包女はこの時、筒音の変な言い回しが気になった。人間と人を区別しているような言い方だ。しかし、生憎機会を逃してしまった。それ以上に、
「…でも、なんか、以外だった。天使ってずっと神聖なイメージがあったから…」
そういうことだ。
『潔癖という意味では綺麗なもんじゃろう。それにやつらのもつ力の特性が古の時を経て、そう伝わったんじゃろう』
「特性?魔力や妖力のような?」
『そうじゃ。やつらの天力…その特性は全てを分かつ力といったところじゃな』
包女は思い出した。九津が教えてくれた源力の特性の話。「絶対分解」と呼ばれる力のことを。
ガタックも真剣な表情で思案して、
「なるほどのぉ。魔力の強化や妖力の変化とはまた違い、分ける力…分解か。
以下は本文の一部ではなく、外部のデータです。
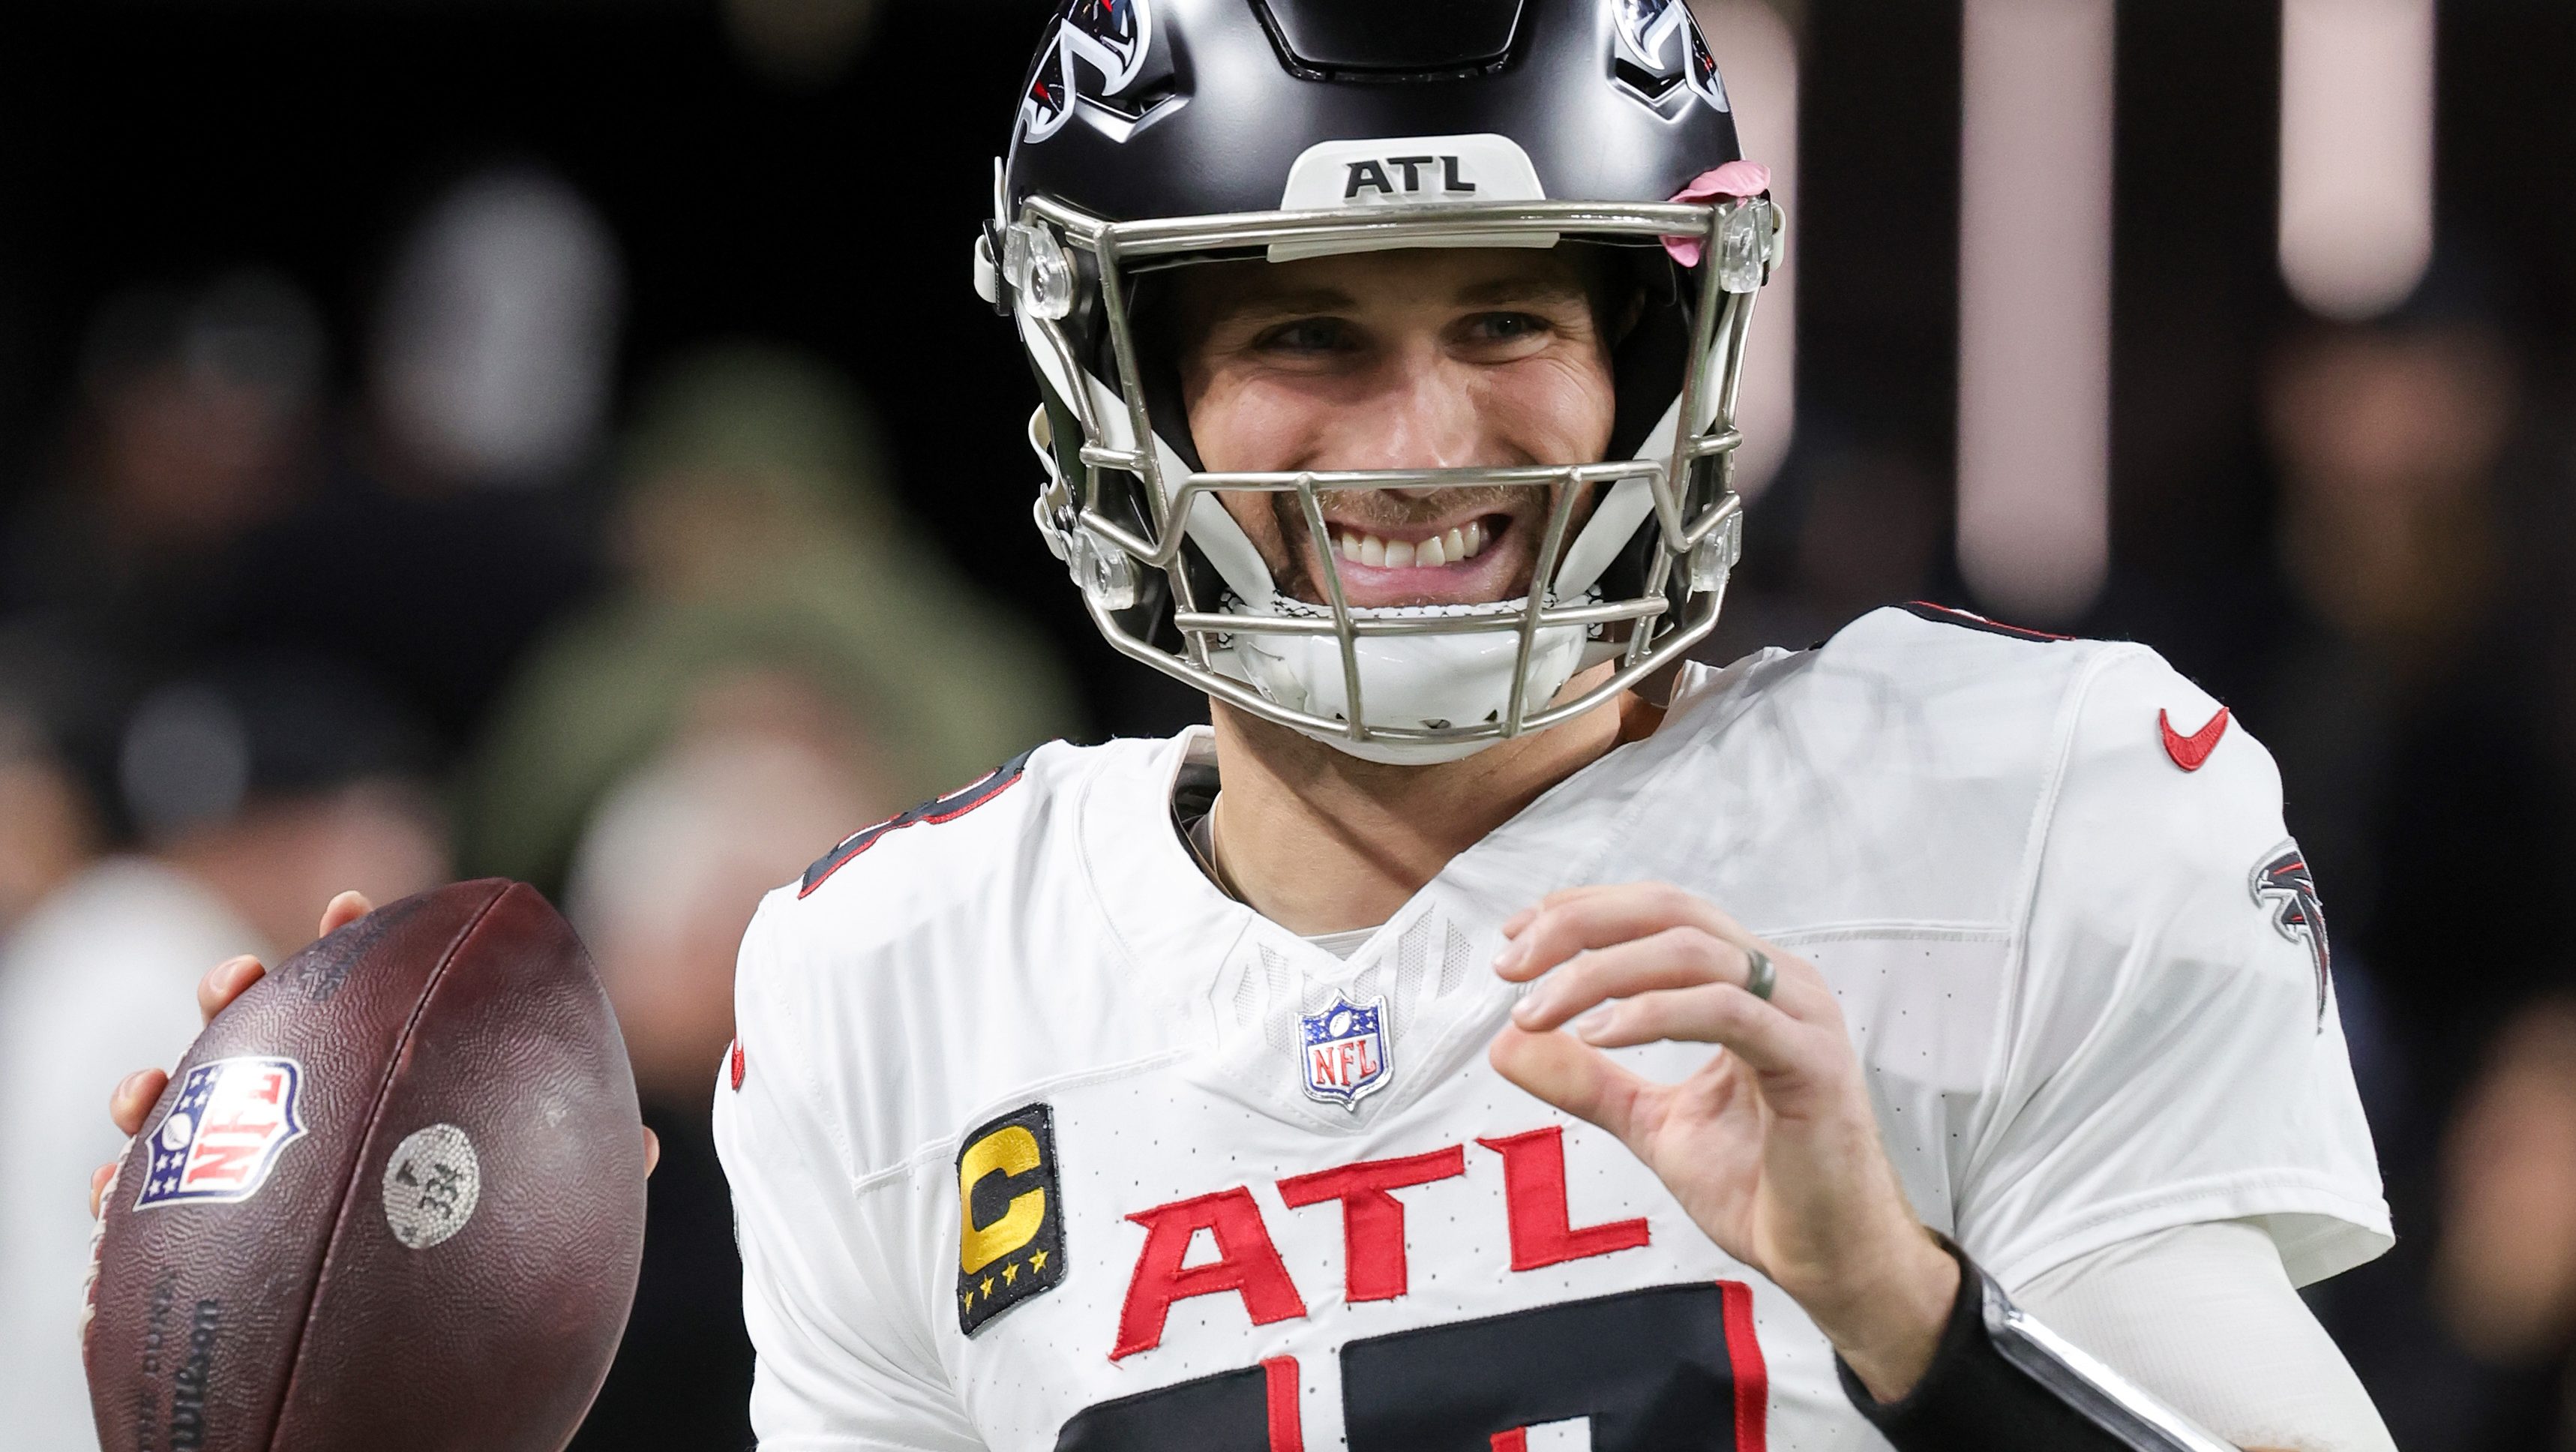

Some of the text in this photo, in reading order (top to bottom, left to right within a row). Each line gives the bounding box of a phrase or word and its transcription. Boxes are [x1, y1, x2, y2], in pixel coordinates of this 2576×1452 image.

それがいつのまにか浄化の力と位置付けられ、神聖化されていったんじゃな」
そう結論付けた。
いつの間にか天使たちの話になってしまったな、そう筒音は仕切り直すと、
『時が流れれば流れるほどにどう伝わるかわからんものじゃな。そのはろうぃんとて、百鬼夜行の呼び方の成れの果てかも知れんしな』
あとは聞いた者に託すように微笑んだ。
全員が一息ついた。と、そこで気になることがまだあった。それはお茶で喉を潤しながら聞き耳をたてていた里麻が、先ほど持ってきた筆記道具で何やらつらつら文面を書いているのだ。
代表するように、
「ところで、雀原さんは何をしてるんですか?」
日戸が尋ねた。里麻は、
「私ですか?私は話も一段落したところでお嬢様の晴れ姿をバッチリと記録に残しておけるよう依頼状を書いているのです。九津さんのおばあさまがプロのカメラマンと聞きましたので」
と、宣言した。
そして、通弦に見せてあげるようと保存用と、あと何枚くらい必要ですかね、と真剣に考え始めた。